Bamboo flooring a bad choice for a family with large dogs?

Q: Is bamboo flooring a bad choice for a family with 4 large dogs (60 – 80 lb.)?

A: There is no wood or grass floor which will be unmarked by large dogs. The problem I have with bamboo is the use of adhesives to bond the strips together which emit a urea Formaldehyde vapour. Also, every sample I have seen exhibits large gaps between the planks indicating it shrinks quite a bit.

I think you would be best to go with a heavy grained wood to hide the scratches or go with a wood that you intend to look distressed. In that case, the scratches will just be part of the floor and add to it’s distressed look.

Related Q: I’m looking to replace carpet with wood floor. We have 4 dogs and accidents happen. What style or manufacturer would you recommend for a living room/family room that has high traffic from both people and pets?

A: I would go with site finished, not factory finished. Oak is good with pets because the heavy grain helps to hide the nail impressions. If you want to go with a very hard wood I’d probably suggest Hickory. You have to know in advance that unless a real tight environmental program is followed, Hickory will tend to expand and shrink a lot. A site finished floor has the coatings applied over the entire floor surface rather than individual boards and is much easier to deal with as far as applying a refresher coat of finish down the road.

Brazilian Teak good choice of wood floor for someone with dogs?

Q: I was wondering what you think of Brazilian Teak as a choice for wood floor for someone with dogs.

I have an American cherry floor all through my house that has been destroyed by the dog’s nails (I have two dogs).

I want to replace the floor and really like the look of the teak, but I don’t want to invest all this money if the floor is going to end up like the cherry. We had a refinisher look at our cherry floor and he told us the wood is so soft that in three months after he refinished it, it would look the same, so we didn’t want to invest in refinishing it.

A: Well, the cherry is quite soft. Brazilian teak is harder, but it isn’t as hard as Hickory which is the hardest native species. A large enough dog applying his weight to the tips of his claws would probably be able to mark any wood, regardless of hardness.

Aside from needing to keep the dogs nails well trimmed and filed, have you ever considered having them wear dog boots in the house? It may sound silly, but it’s worth taking a look at.

Difference in the stability of 1/2′ versus 3/4′ flooring?

Q: Is there any difference in the stability of 1/2′ versus 3/4′ flooring? We are planning to put hardwood in our dining room and have an existing oak railing. The 1/2′ will fit very well up against the railing, so we are thinking of going with the 1/2′ product for that reason.

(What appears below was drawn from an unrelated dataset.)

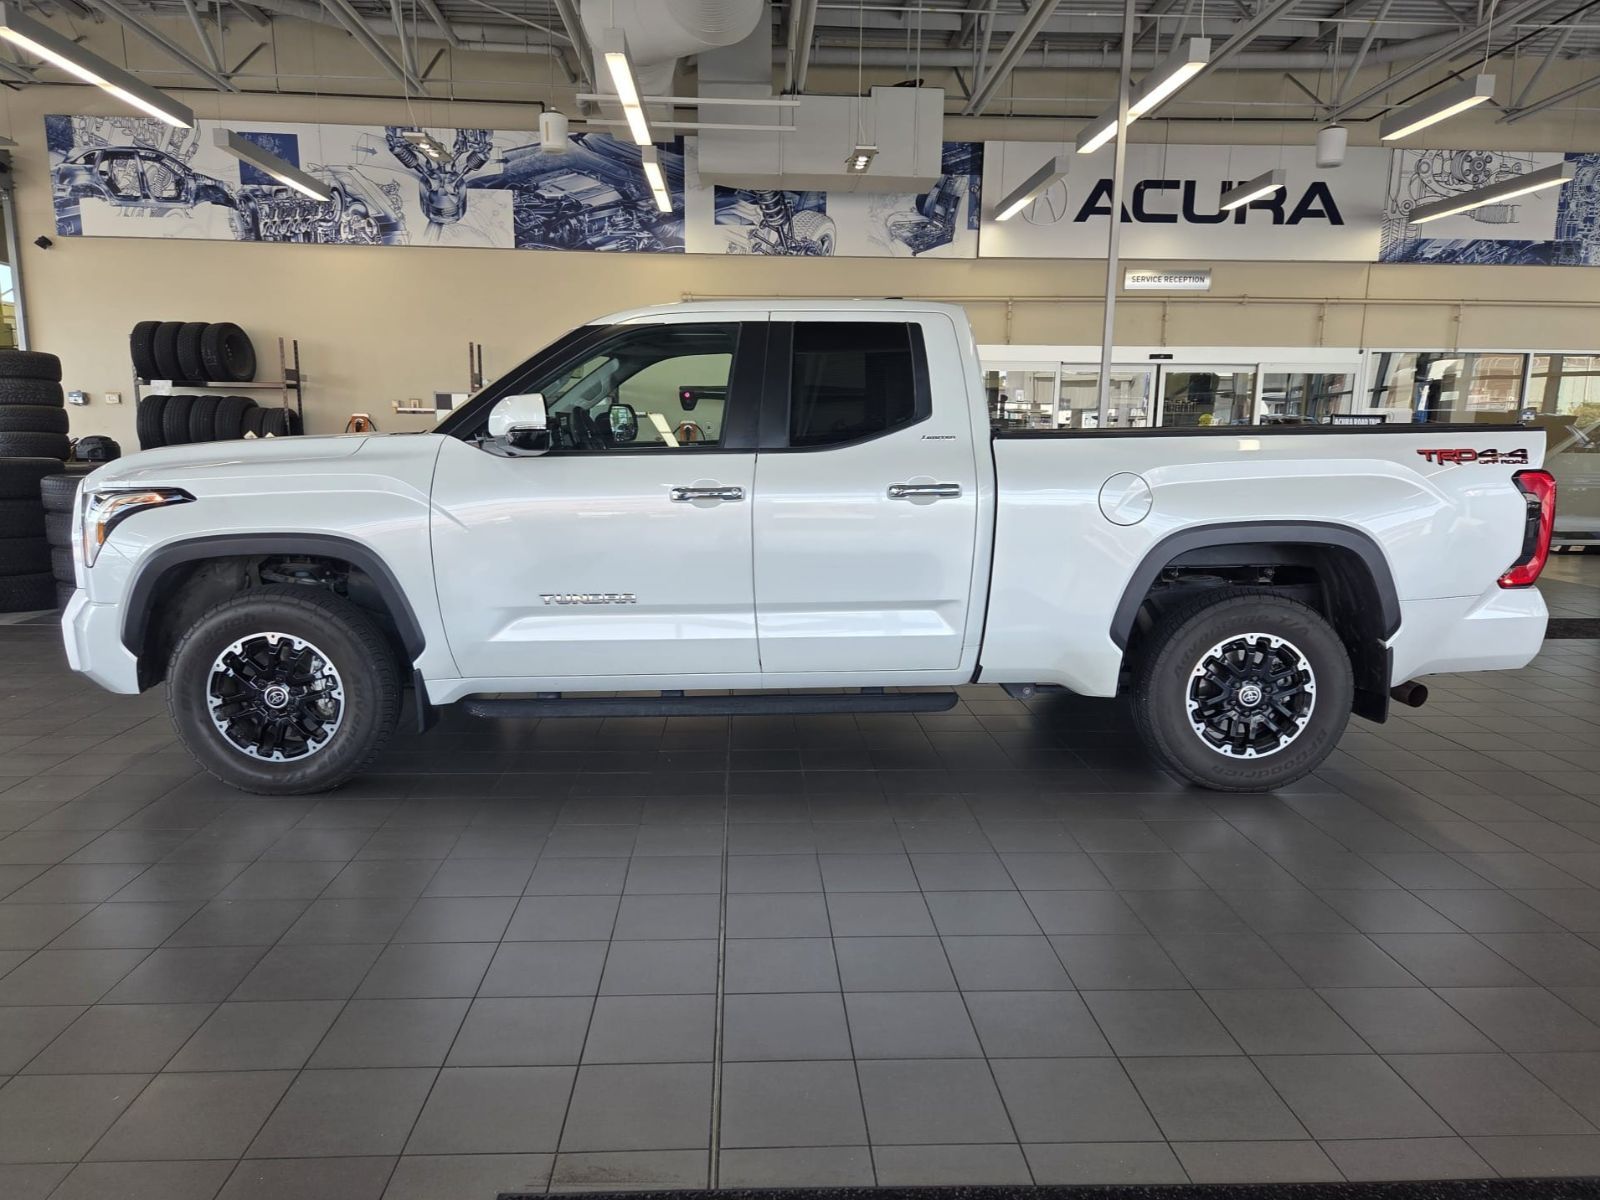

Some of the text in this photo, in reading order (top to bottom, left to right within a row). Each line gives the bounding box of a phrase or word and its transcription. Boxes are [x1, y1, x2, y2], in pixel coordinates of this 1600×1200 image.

A: By stability, do you mean expansion and contraction of the wood itself? Not really. It can be more of an issue with wider planks. However, the 34′ boards offer much more structural stability than the 1/2′ will. You should be fine with the half inch, considering the issue with the railing.

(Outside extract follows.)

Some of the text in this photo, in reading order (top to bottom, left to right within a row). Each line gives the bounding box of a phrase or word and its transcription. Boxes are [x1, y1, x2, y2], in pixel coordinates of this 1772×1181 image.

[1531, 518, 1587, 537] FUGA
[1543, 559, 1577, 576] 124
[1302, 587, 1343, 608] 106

Durable, dent resistant engineered flooring with a super hard finish?

Q: Are there specific guidelines to help in selecting a durable, dent resistant, engineered flooring with a super hard finish that does not scratch with everyday traffic and chair movement?

I would really like specifics such as brand and collection and wood species if possible.

A: I can’t give you any guidance on specific products. There is a huge market. Basically the harder the wood the more stress it can take before it dents. The hardest north American species is Hickory. Jatoba is also very hard.

Scratching is a different thing. There is no finish I’m aware of that cannot be scratched. Most if not all pre finished floors are coated with aluminum oxide coatings which by their nature are scratch and scuff resistant. This also makes it more difficult to buff such a coating to apply a maintenance coat in the future.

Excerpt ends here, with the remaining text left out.